The Dell 1905FP delivers better image quality than your average LCD. We tested the monitor at its native resolution of 1,280x1,024. Text looked crisp well beyond the range of typical font sizes. Its sharpness matches that of the NEC MultiSync LCD1960NXi. In color performance, it beat or matched all other competitors, save Eizo-Nanao's professional-grade ColorEdge CG18. On CNET's DisplayMate-based grayscale tests, we noticed a slight green tint in the darkest shades and a slight pink hue in the lightest. These color flaws are less pronounced than on most LCDs and shouldn't bother most users. Graphics aficionados, however, should note that we saw mildly washed-out midtone colors in some digital photos we viewed. Still, the 1905FP offers above-average image quality when compared to other similarly priced displays.
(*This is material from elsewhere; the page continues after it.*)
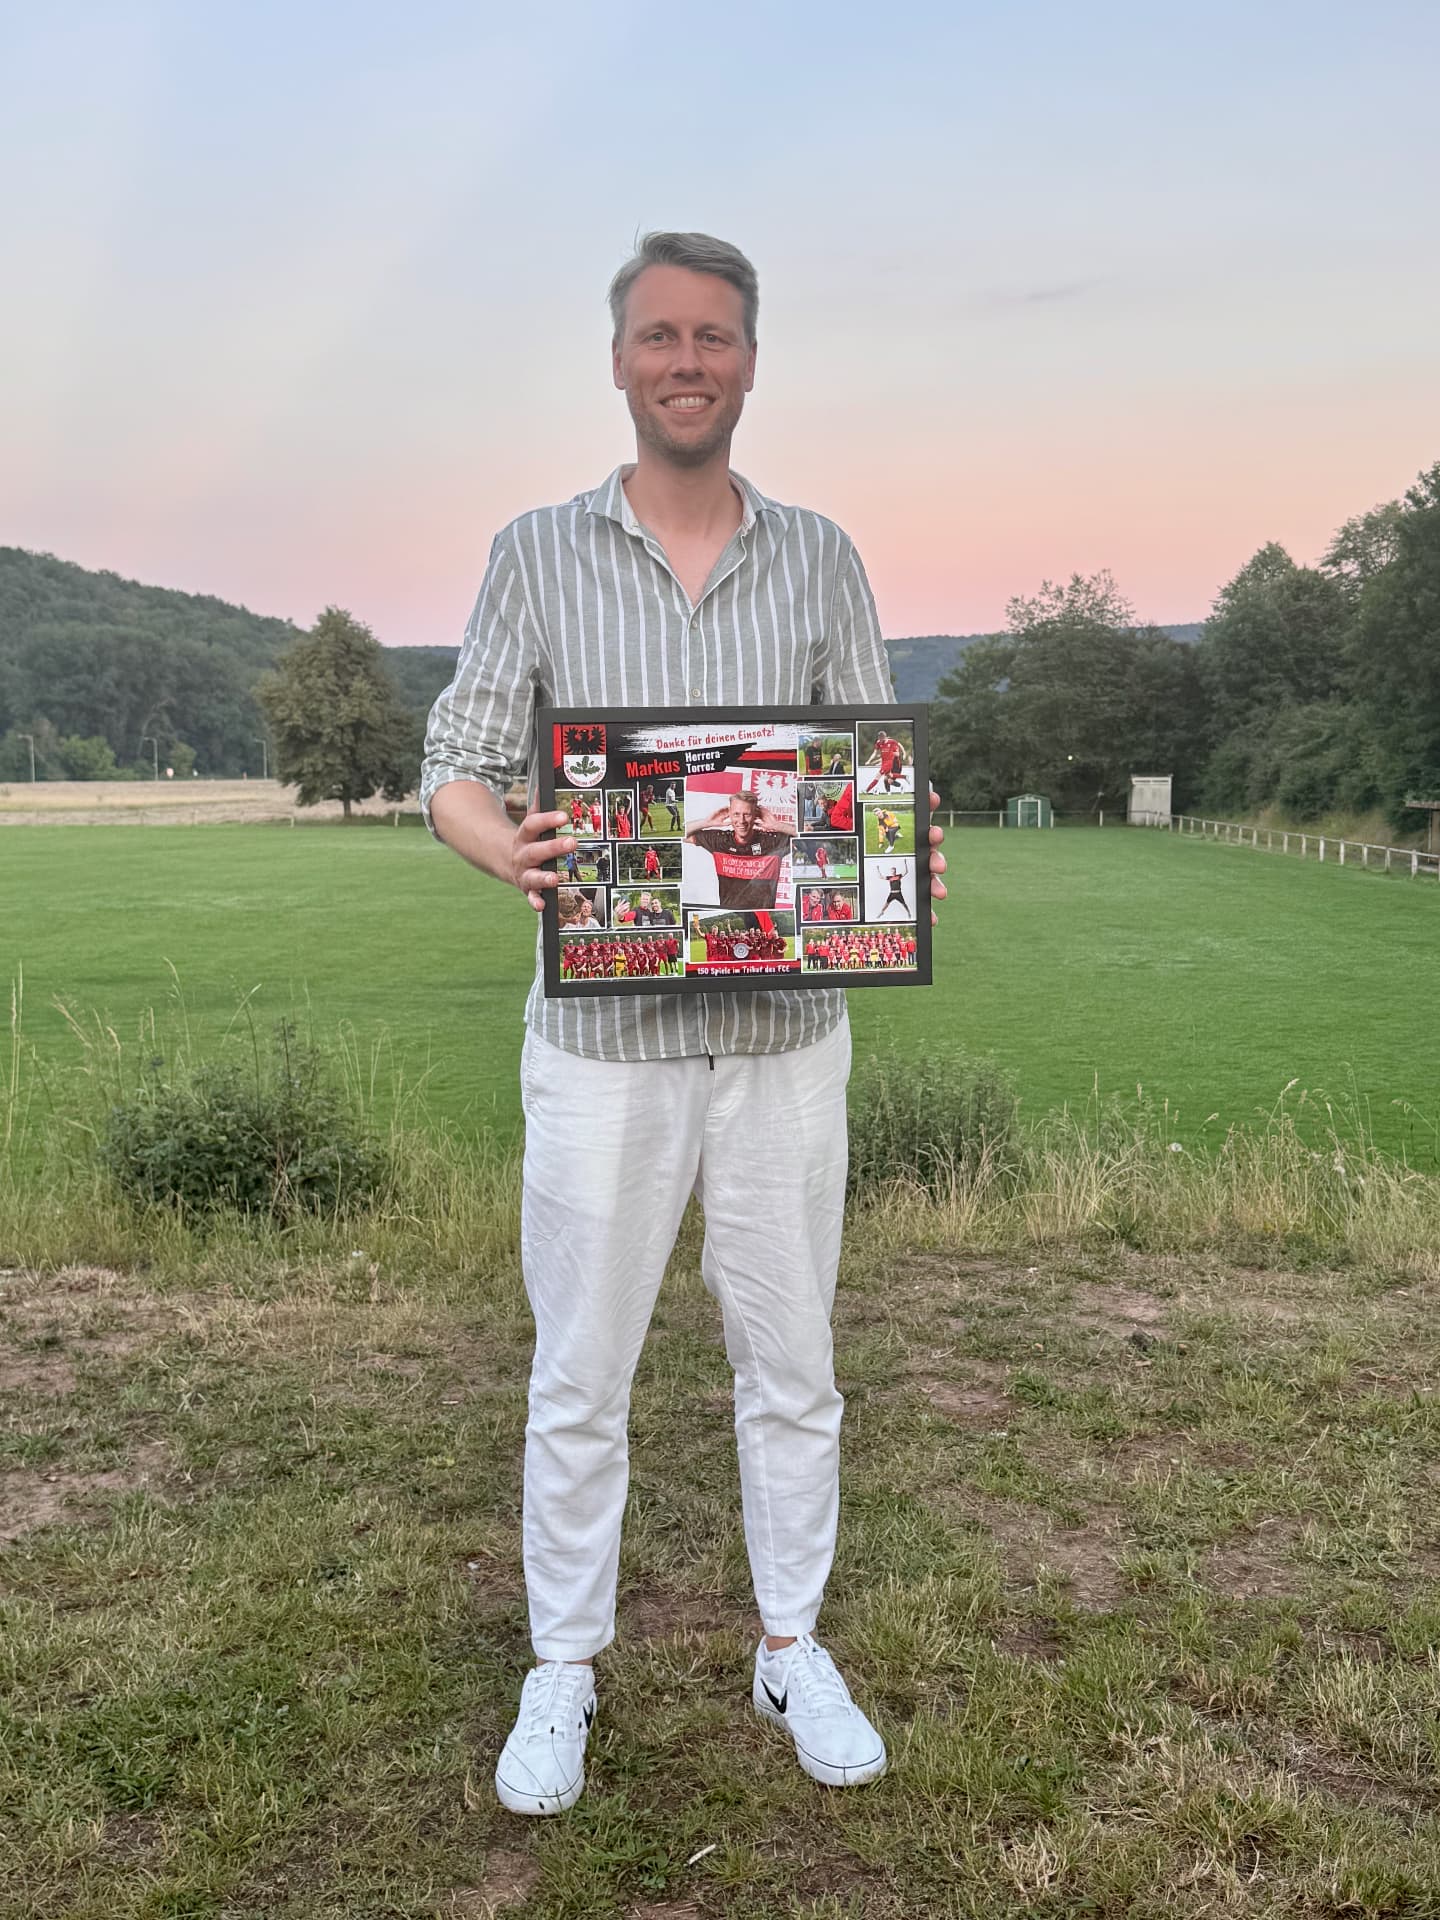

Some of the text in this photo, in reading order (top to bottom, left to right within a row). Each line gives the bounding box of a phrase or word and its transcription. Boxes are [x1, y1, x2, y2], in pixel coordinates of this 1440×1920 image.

As is common for LCDs, the 1905FP had trouble displaying a true black, though it was quite deep for an LCD. In our informal DVD-viewing test, performance was about average on the dark end of the grayscale. We could discern fairly dark tones but did miss some shadow details on the DVD. On the light end, we could distinguish very pale grays against a white background. This indicates that the monitor displays subtle shadings well at the bright end, as you might find in editing brightly lit photos or in viewing exuberantly designed Web pages featuring light text on a colored background. We saw minimal streaking in motion tests but noticed some noise and oversaturated colors.
Dell offers a standard three-year warranty and lifetime, 24/7 tech support via telephone and e-mail. Our one gripe on support is that Dell no longer includes a full printed manual, but it does ship an adequate setup poster. And it includes a detailed manual in electronic form on a bundled CD and on its Web site.